What's Your Bag: 26 Grains

Ally Capellino What's Your Bag: 26 Grains

 For the latest What’s Your Bag, writer Ellie Robertson met founder of Neal’s Yard café 26 Grains, Alex Hely-Hutchinson. They discussed making what was once Dickensian, delicious again; her journey from pop-up to World Porridge Competition and the Salem Witch Trials.

ER: The latest Ally Capellino campaign shows the AW17 Frances Ripstop Backpack pictured with a bowl of oats - whilst very fitting – I'm sure it isn’t how you’d fill yours. Can I ask what’s in your bag? 

AHH: That actually has happened, honestly. I’ve had a bag full of grains. At the moment, I have my diary with lots of recipe ideas because as much as I love computers and online, there’s something so rich about brainstorming on paper and then formalising it on an electronic device. My bike lock would be in there as well - I ride my bike everywhere, that’s why I love backpacks and nearly always have one. I can’t just have a little bag with one thing in it.

Probably some leggings as I like the opportunity to always be able to move – whether it be cycling, yoga or running. Moisturiser. Keys. A lot of boring paperwork usually!

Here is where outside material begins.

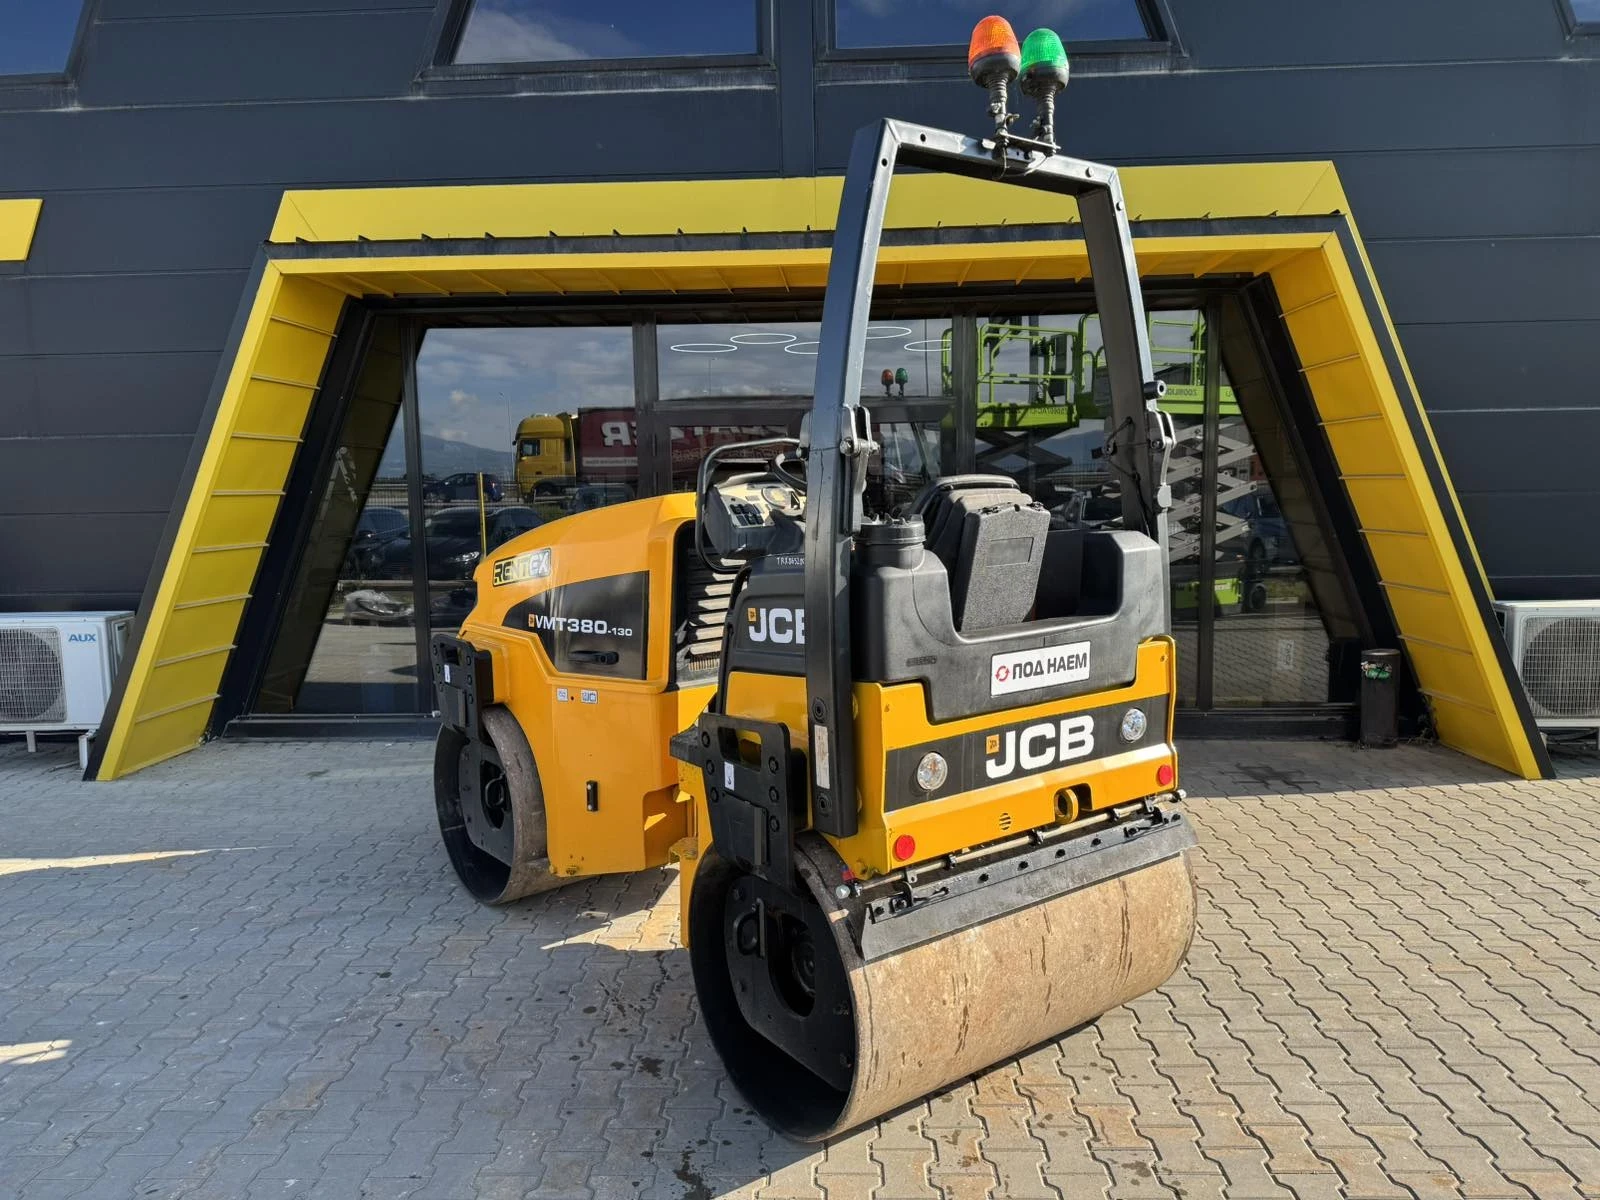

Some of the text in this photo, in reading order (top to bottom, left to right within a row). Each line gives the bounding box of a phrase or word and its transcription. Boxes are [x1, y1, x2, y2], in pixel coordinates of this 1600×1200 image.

I always have a book on the go and I listen to a lot of podcasts so always my phone and headphones. My team always joke that they’re going to get ‘So I was listening to this podcast and…’ written on my grave stone. 

ER: You’ve been praised for kick-starting London’s love affair with porridge, can you remember the first time you ate porridge?

AHH: Porridge feels incredibly nostalgic to me and I think it does for a lot of people. It’s very traditional and everyone has an understanding or a memory of it. My mum’s not a very good cook but she used to make porridge because it was easy – especially with 5 kids – and she’d just make a big batch of it and then drizzle honey, brown sugar, or a little bit of milk, that sort of thing. So that was breakfast as a child.  

 

Ally Capellino What's Your Bag: 26 Grains Blueberry Porridge (Photo: Victoria Hely-Hutchinson)

 

Ally Capellino What's Your Bag: 26 GrainsEgg & Kale Porridge (Photo: Victoria Hely-Hutchinson)

 

ER: So what gave you the idea to make a career out of it?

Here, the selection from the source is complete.